Files
reactbin/specs/002-api-image-proxy/research.md
agatha cd89ba5dea Feat: Proxy image content through the API instead of redirecting to MinIO
Replace the presigned-URL redirect (302) in GET /api/v1/images/{id}/file
with a direct proxy that fetches bytes from S3 server-side and returns them
to the client. The browser never contacts the storage backend, eliminating
the /etc/hosts workaround needed in local development.

- StorageBackend: swap get_presigned_url for get(key) -> bytes
- S3StorageBackend: implement get() via aiobotocore get_object
- serve_image_file: return Response with ETag + Cache-Control: immutable
- test_serving: assert 200 + content-type + ETag; add no-storage-details test
- Spec Kit artifacts for feature 002-api-image-proxy

Co-Authored-By: Claude Sonnet 4.6 <noreply@anthropic.com>
2026-05-03 16:36:43 +00:00

3.7 KiB

Research: API Image Proxy

Branch: 002-api-image-proxy | Date: 2026-05-03

Decision 1: Storage retrieval method

Decision: Add async def get(key: str) -> bytes to StorageBackend and remove get_presigned_url.

Rationale: The only consumer of get_presigned_url is the serve_image_file route. Once the route stops redirecting and starts streaming bytes directly, get_presigned_url has no call sites. Per §2.6 (no speculative abstraction), it must be removed. A simple get → bytes method is consistent with put which already operates on bytes, and is straightforward to implement and test. At 50 MB maximum file size, loading the full object into memory in a single call is acceptable — the same pattern is used on upload already.

Alternatives considered:

  • async def stream(key) -> AsyncIterator[bytes]: True streaming avoids buffering but complicates the abstract interface (async generators cannot cleanly implement abstract methods in Python without workarounds). Deferred; can be introduced later if memory pressure is observed.
  • Keep get_presigned_url and add get: Violates §2.6 since get_presigned_url would then have no callers.

Decision 2: HTTP response type for the proxy endpoint

Decision: Return fastapi.Response(content=data, media_type=mime_type) with the image bytes directly.

Rationale: FastAPI's Response with raw bytes is the simplest correct approach when the full content is already in memory. The mime_type field is already stored on the Image database record, so the router can set Content-Type from it without re-inspecting the file.

Alternatives considered:

  • StreamingResponse with an async generator: Appropriate for true streaming but adds complexity with no benefit when content is already loaded as bytes.
  • FileResponse: For local file paths only, not applicable.

Decision 3: Caching headers

Decision: Add ETag: "<sha256-hash>" and Cache-Control: public, max-age=31536000, immutable to the content response.

Rationale: Image files are immutable after upload (constitution §4.2). The SHA-256 hash is already stored on the Image record. An ETag allows conditional GET requests (If-None-Match) so browsers skip re-downloading unchanged content. Cache-Control: immutable tells browsers the content will never change for this URL, eliminating speculative revalidation. Together these satisfy SC-004 (browser caching).

Alternatives considered:

  • Last-Modified header: Less precise than ETag for binary content.
  • No caching headers: Fails SC-004.

Decision 4: Endpoint path

Decision: Keep the existing path GET /api/v1/images/{image_id}/file. Change the response from 302 RedirectResponse to 200 with binary content.

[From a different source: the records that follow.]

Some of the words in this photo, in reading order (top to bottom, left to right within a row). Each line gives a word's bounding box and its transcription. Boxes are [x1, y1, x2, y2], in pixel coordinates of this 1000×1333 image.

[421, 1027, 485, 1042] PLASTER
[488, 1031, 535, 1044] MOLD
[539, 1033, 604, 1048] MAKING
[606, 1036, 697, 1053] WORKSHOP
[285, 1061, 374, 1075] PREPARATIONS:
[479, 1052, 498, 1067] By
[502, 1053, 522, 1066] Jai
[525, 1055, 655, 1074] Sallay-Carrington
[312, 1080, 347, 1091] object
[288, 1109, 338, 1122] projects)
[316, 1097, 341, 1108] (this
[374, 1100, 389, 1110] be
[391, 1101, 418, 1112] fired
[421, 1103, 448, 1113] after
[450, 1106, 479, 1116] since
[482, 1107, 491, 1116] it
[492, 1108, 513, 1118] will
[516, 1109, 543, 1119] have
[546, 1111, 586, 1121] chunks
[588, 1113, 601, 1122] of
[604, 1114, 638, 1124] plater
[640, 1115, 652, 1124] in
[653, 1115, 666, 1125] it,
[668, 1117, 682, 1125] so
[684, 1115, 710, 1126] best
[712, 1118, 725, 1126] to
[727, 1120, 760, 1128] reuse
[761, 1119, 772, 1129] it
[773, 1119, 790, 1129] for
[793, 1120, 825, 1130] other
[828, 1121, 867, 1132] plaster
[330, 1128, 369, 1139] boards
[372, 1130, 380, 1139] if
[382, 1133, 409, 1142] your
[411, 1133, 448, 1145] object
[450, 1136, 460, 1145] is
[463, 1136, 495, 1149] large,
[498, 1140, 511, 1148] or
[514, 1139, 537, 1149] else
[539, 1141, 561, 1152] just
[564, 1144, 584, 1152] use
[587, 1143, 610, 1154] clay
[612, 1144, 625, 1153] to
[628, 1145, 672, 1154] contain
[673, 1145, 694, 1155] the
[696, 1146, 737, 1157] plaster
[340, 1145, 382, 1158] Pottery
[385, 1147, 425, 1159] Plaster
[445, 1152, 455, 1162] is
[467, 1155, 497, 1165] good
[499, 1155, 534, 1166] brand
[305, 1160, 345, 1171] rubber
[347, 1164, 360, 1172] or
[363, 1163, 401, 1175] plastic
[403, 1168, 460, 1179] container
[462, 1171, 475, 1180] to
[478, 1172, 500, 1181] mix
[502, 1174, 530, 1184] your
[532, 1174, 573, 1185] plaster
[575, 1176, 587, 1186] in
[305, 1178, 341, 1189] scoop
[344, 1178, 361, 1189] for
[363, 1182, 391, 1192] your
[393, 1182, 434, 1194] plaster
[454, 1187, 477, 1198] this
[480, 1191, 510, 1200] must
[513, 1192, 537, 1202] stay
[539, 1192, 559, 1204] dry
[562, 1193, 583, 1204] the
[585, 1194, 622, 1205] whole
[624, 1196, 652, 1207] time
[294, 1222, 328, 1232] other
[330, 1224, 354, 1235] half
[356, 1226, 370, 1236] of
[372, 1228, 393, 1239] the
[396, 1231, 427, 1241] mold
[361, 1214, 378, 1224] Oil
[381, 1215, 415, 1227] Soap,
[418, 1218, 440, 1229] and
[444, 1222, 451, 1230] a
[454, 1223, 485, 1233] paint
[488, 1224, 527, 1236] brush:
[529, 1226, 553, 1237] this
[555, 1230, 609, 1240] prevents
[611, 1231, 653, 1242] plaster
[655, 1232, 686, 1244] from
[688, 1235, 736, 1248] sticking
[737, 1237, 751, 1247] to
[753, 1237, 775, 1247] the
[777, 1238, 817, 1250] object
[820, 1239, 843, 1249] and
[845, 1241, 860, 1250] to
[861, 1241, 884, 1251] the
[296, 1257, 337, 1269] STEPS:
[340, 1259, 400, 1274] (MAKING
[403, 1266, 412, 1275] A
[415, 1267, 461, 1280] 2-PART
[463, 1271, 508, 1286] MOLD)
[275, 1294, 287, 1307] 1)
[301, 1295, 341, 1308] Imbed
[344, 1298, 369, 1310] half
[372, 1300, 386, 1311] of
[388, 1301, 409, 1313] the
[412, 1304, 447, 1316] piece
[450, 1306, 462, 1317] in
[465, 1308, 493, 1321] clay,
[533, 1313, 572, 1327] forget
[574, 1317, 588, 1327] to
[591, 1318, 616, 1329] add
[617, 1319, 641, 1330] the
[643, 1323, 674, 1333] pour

Rationale: The path already exists, is already referenced by the UI's getFileUrl() method, and appears in the existing OpenAPI contract. Changing the response body but not the path means the UI requires no URL-construction changes. The existing integration tests (test_serving.py) must be updated to assert 200 instead of 302.

Alternatives considered:

  • New path /api/v1/images/{id}/content: Would require UI changes with no benefit; the existing path already semantically expresses "the file content for this image".

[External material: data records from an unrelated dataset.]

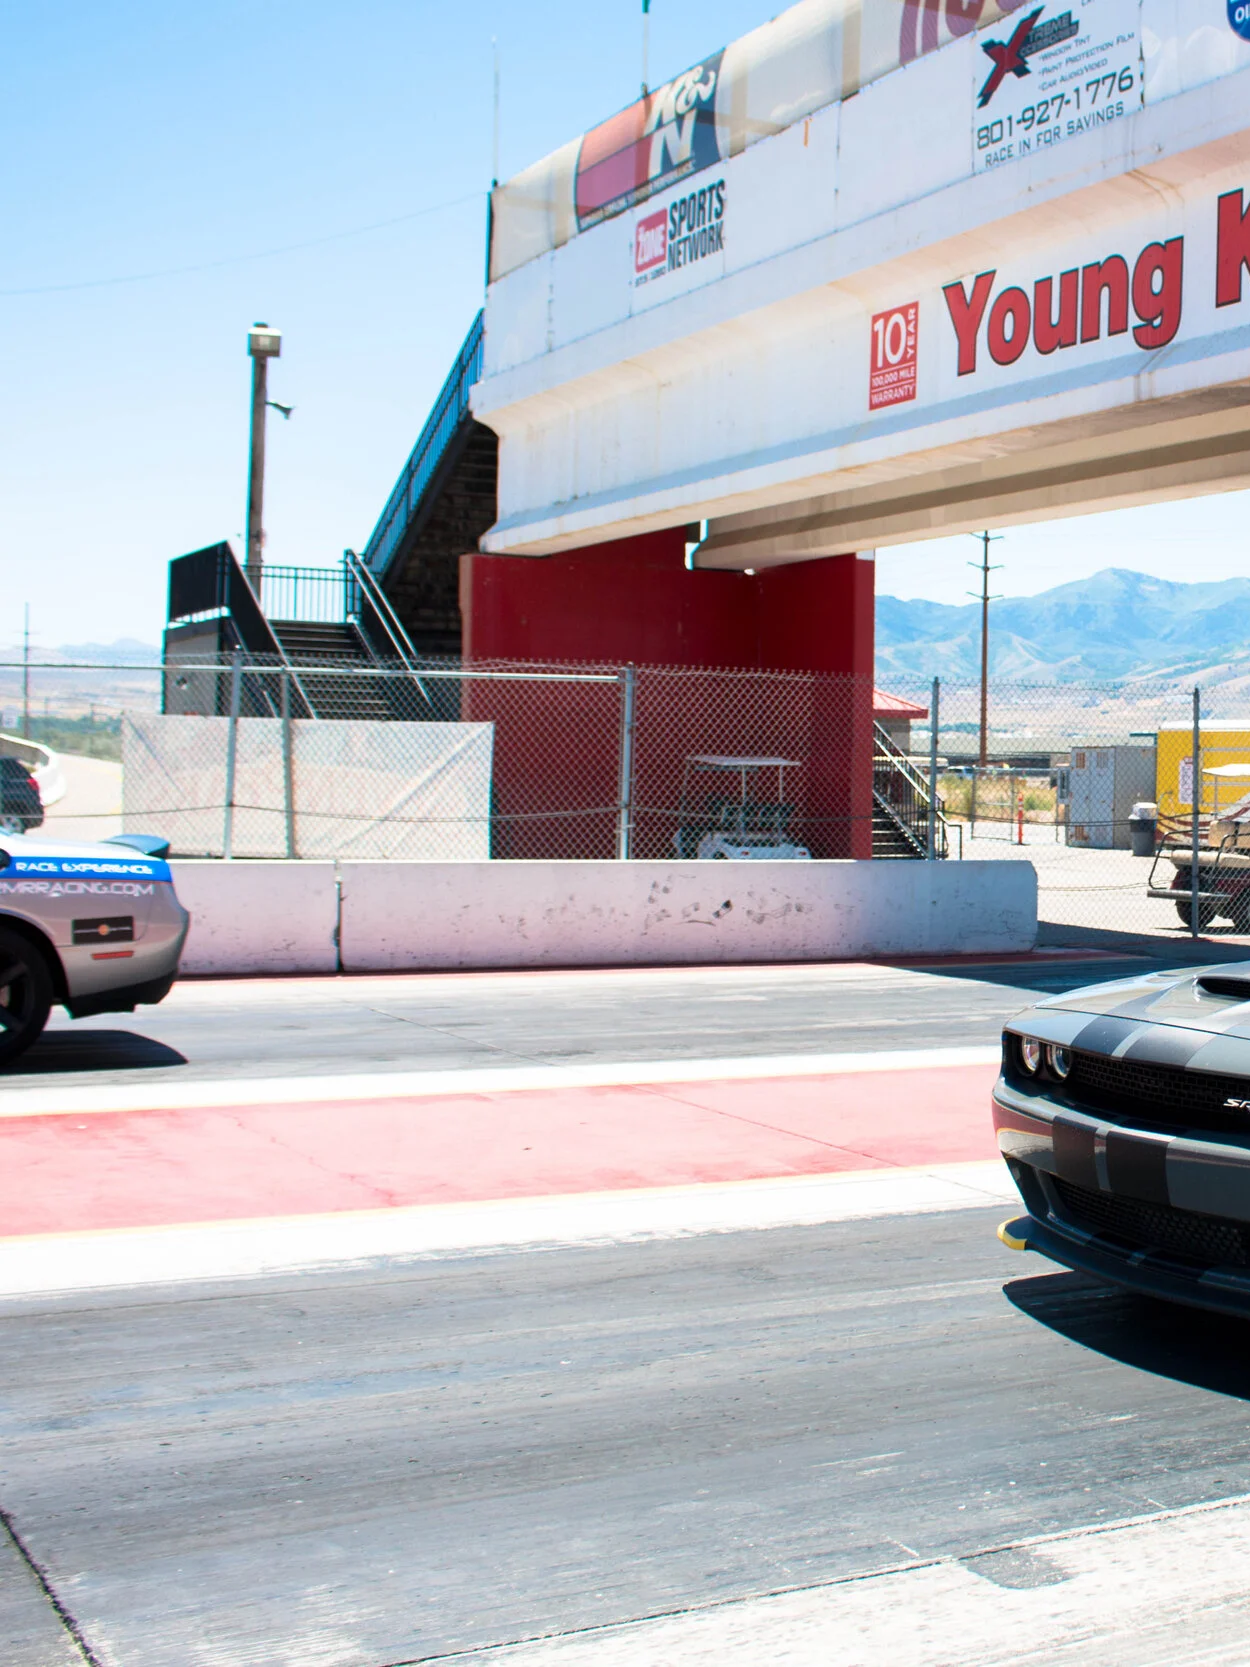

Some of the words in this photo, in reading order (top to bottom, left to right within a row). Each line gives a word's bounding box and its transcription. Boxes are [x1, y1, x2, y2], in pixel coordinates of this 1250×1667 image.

[976, 65, 1134, 151] 801-927-1776
[984, 143, 1014, 169] RACE
[1018, 137, 1031, 155] IN
[1036, 125, 1061, 147] FOR
[1066, 100, 1124, 137] SAVINGS
[668, 177, 726, 241] SPORTS
[667, 219, 725, 273] NETWORK
[942, 235, 1185, 377] Young
[873, 312, 907, 369] 10
[906, 307, 917, 360] YEAR
[871, 382, 916, 405] WARRANTY
[15, 862, 58, 873] RACE
[61, 863, 153, 875] EXPERIENCE

Decision 5: Removal of storage_key from public API response

Decision: Out of scope for this feature. storage_key in the image metadata response is an internal S3 key (SHA-256 hex string), but it is not an actionable credential or hostname. Removal is a separate API-breaking change.

Rationale: The spec explicitly scopes this feature to how image content is delivered. Metadata response shape changes are independent and require their own spec and contract update.